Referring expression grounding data
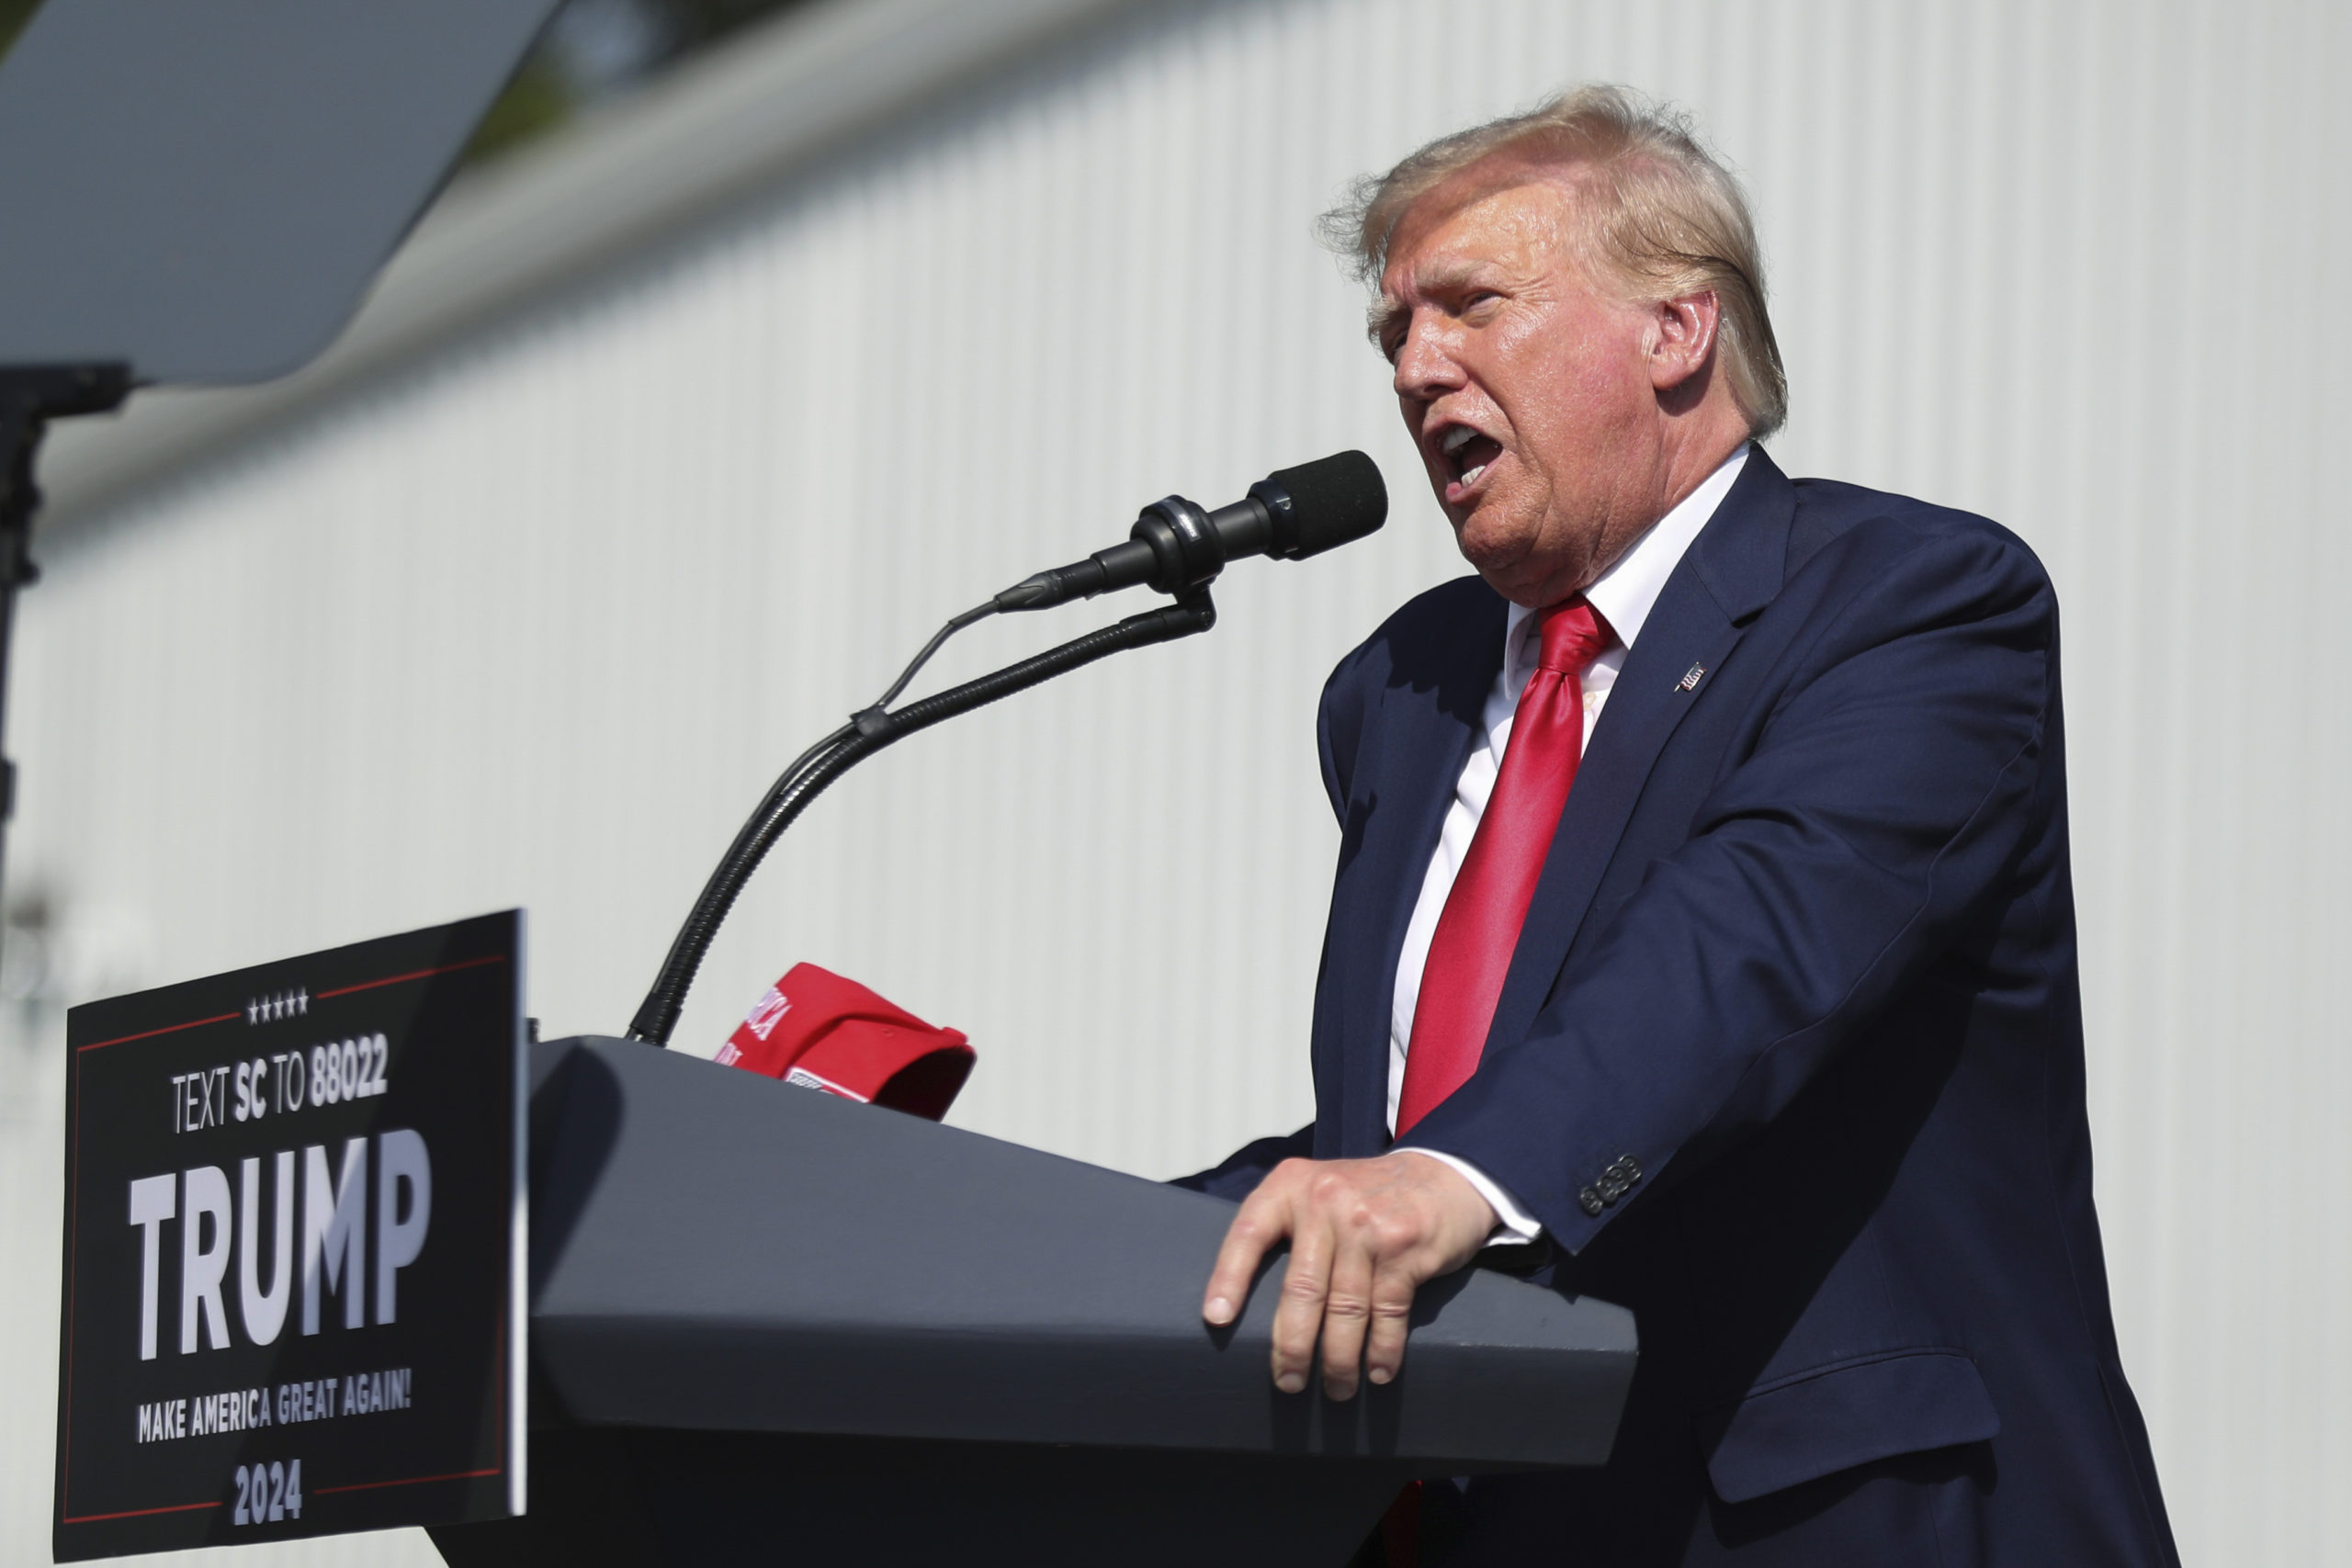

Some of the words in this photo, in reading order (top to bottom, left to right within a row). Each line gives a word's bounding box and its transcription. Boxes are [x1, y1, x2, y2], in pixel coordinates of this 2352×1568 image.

[171, 1066, 232, 1134] TEXT
[233, 1057, 268, 1122] SC
[272, 1050, 306, 1114] TO
[309, 1032, 389, 1108] 88022
[128, 1128, 432, 1361] TRUMP
[137, 1398, 187, 1444] MAKE
[190, 1387, 272, 1437] AMERICA
[277, 1378, 337, 1427] GREAT
[343, 1367, 413, 1417] AGAIN!
[233, 1459, 303, 1526] 2024
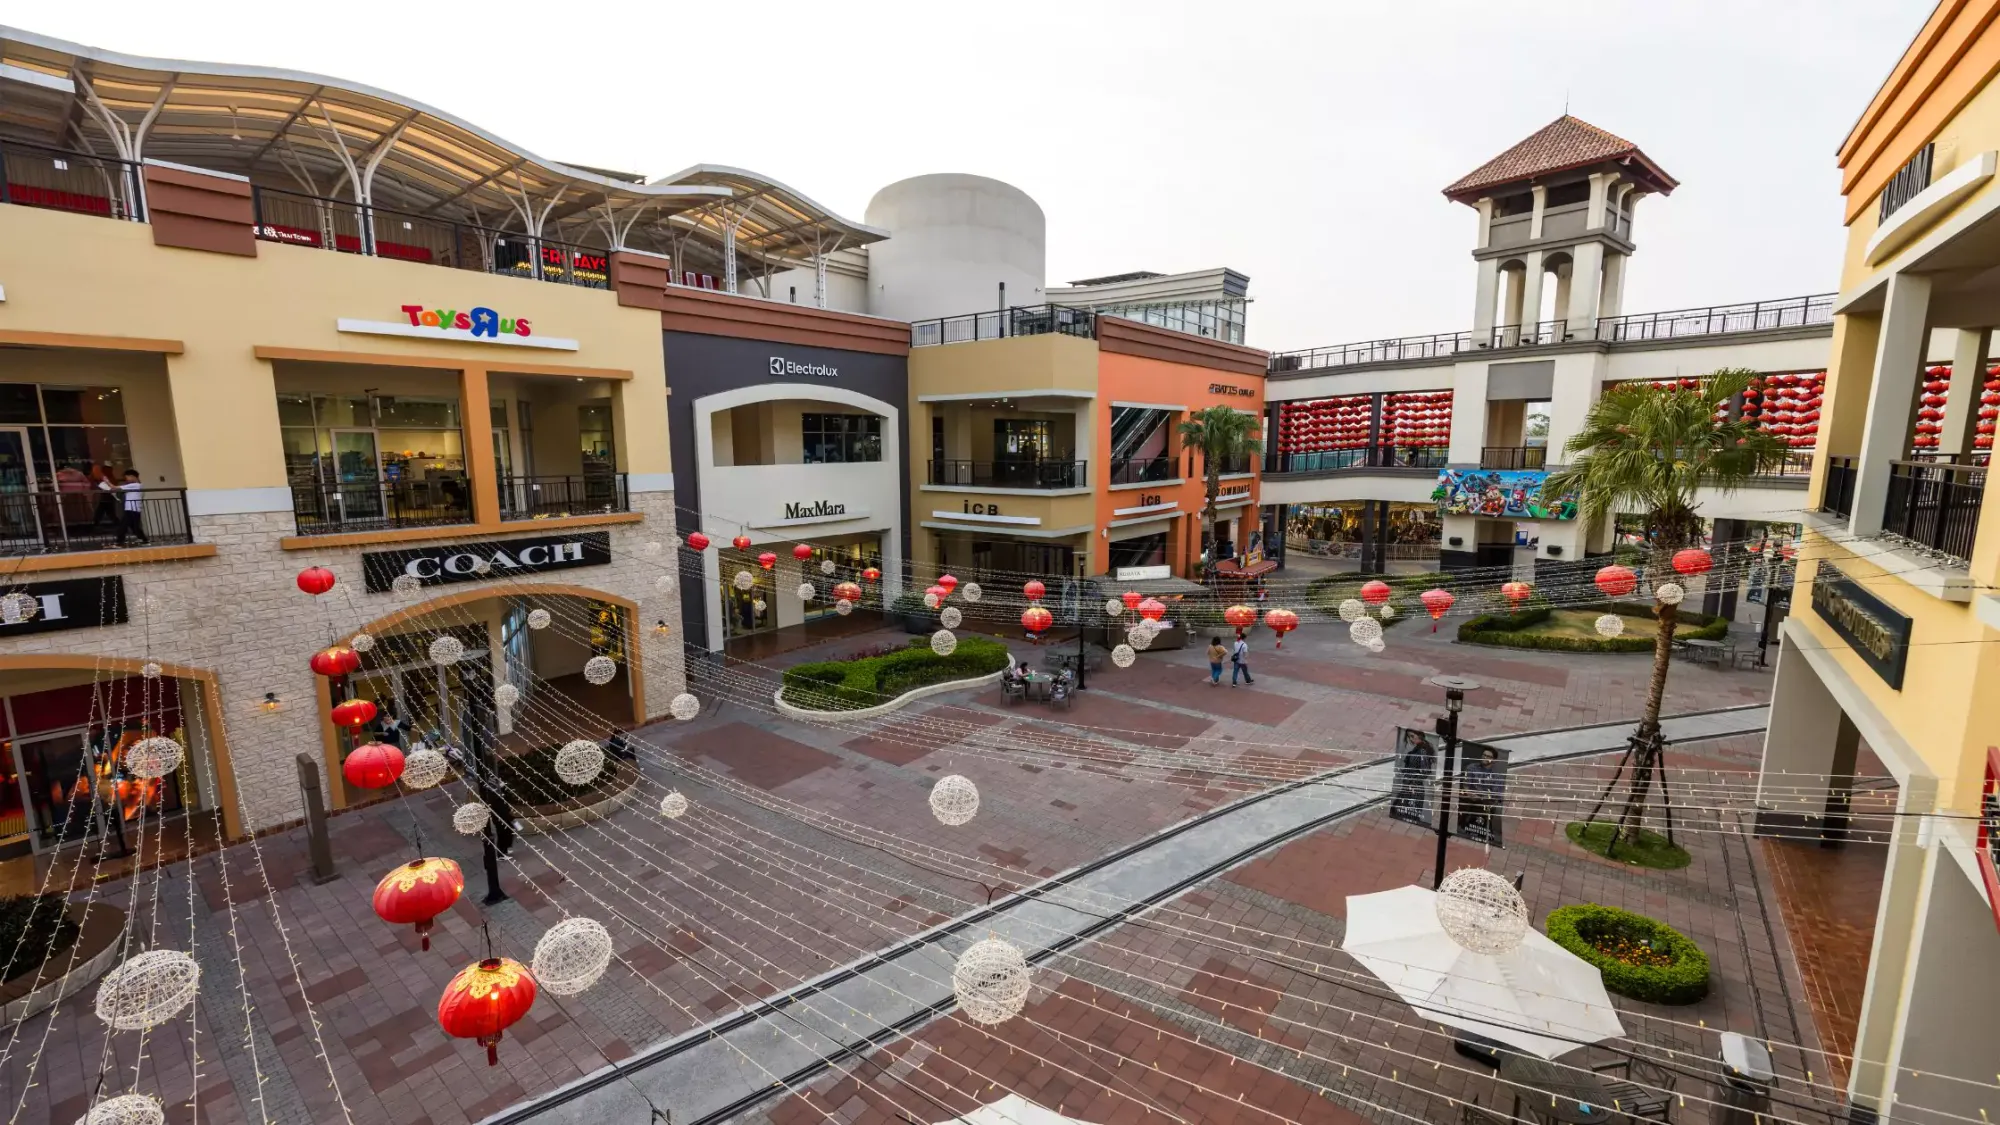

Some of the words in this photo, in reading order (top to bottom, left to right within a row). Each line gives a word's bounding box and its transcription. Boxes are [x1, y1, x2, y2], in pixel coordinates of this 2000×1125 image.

[786, 361, 838, 376] Electrolux
[784, 500, 845, 519] MaxMara
[406, 542, 584, 579] COACH
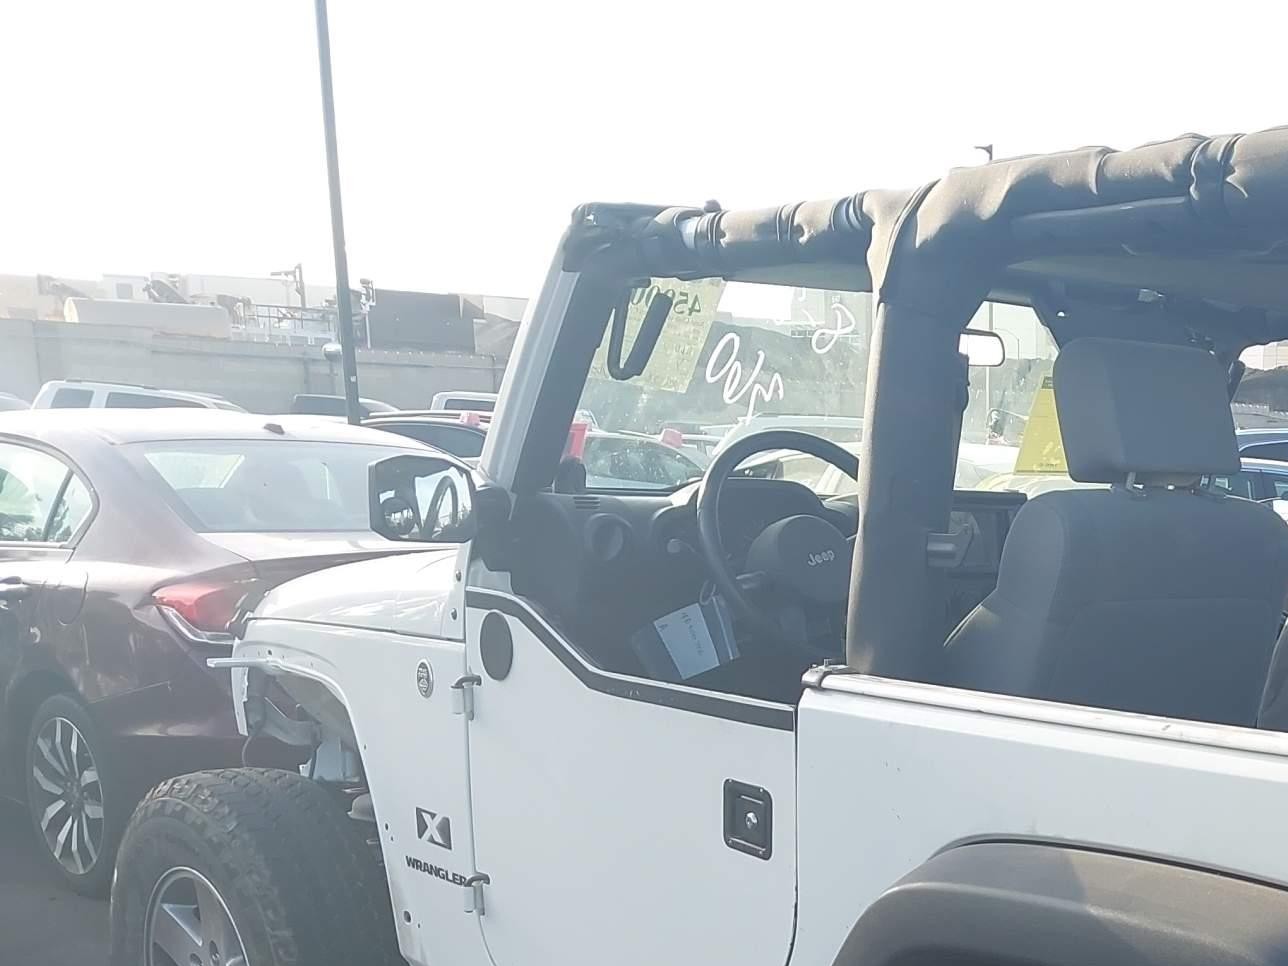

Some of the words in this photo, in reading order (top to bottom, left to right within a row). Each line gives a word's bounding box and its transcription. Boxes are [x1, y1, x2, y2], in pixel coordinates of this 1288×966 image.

[808, 550, 835, 566] Jeep
[417, 808, 450, 849] X
[405, 855, 469, 887] WRANGLER
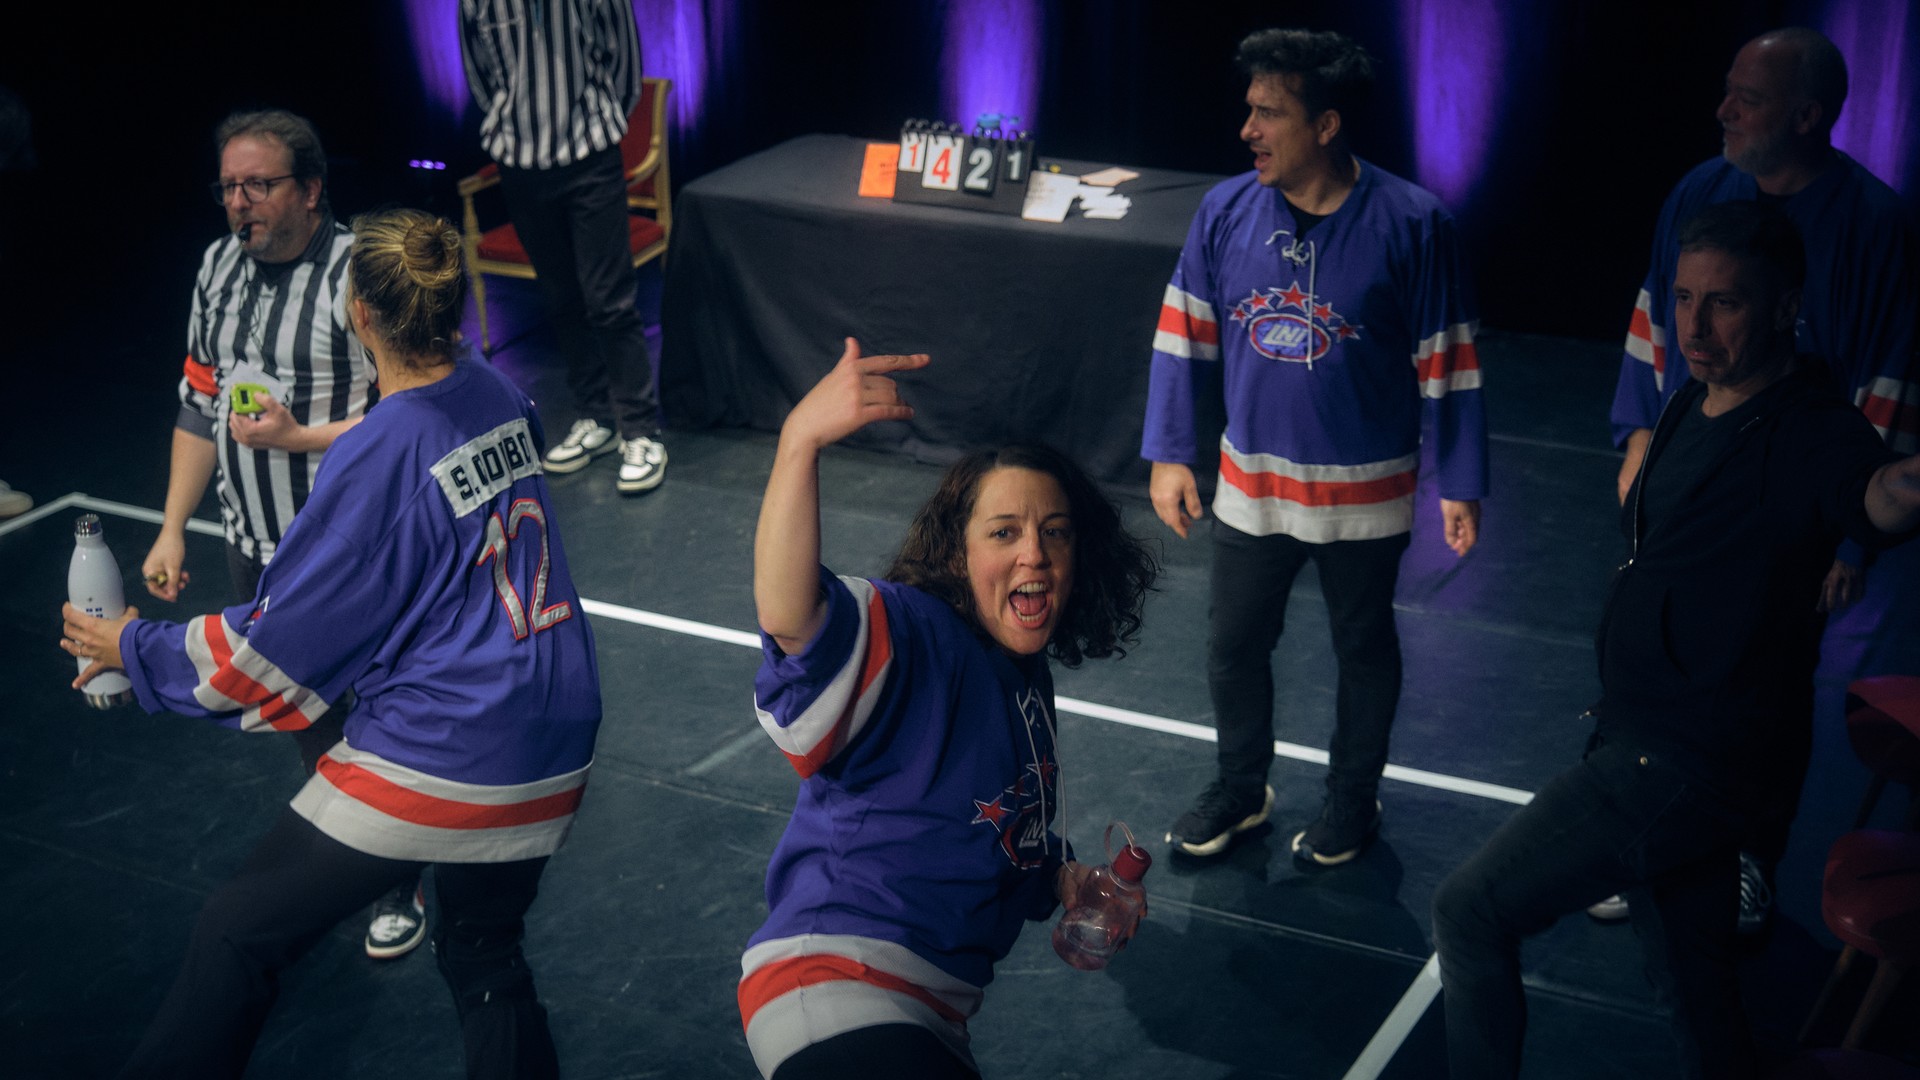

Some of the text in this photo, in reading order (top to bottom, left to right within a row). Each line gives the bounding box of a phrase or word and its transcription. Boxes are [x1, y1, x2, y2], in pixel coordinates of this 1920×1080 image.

[908, 143, 921, 168] 1
[932, 148, 951, 184] 4
[964, 148, 993, 190] 2
[1007, 150, 1023, 181] 1
[476, 498, 571, 640] 12

> EXERCISE
Nothing but the lines from the one containing "this 1288×966 image." through the end of the entries should be written out, exactly and without pictures.

> ANSWER AREA
Some of the words in this photo, in reading order (top to bottom, left to right within a row). Each line gives a word's bounding box and its transcription. Boxes are [x1, y1, x2, y2], in pixel coordinates of this 1288×966 image.

[808, 550, 835, 566] Jeep
[417, 808, 450, 849] X
[405, 855, 469, 887] WRANGLER

Some of the text in this photo, in reading order (top to bottom, left to right within a row). Each line gives the bounding box of a phrase or word and its transcription. Boxes are [x1, y1, x2, y2], in pixel coordinates of this 1920×1080 image.

[908, 143, 921, 168] 1
[932, 148, 951, 184] 4
[964, 148, 993, 190] 2
[1007, 150, 1023, 181] 1
[476, 498, 571, 640] 12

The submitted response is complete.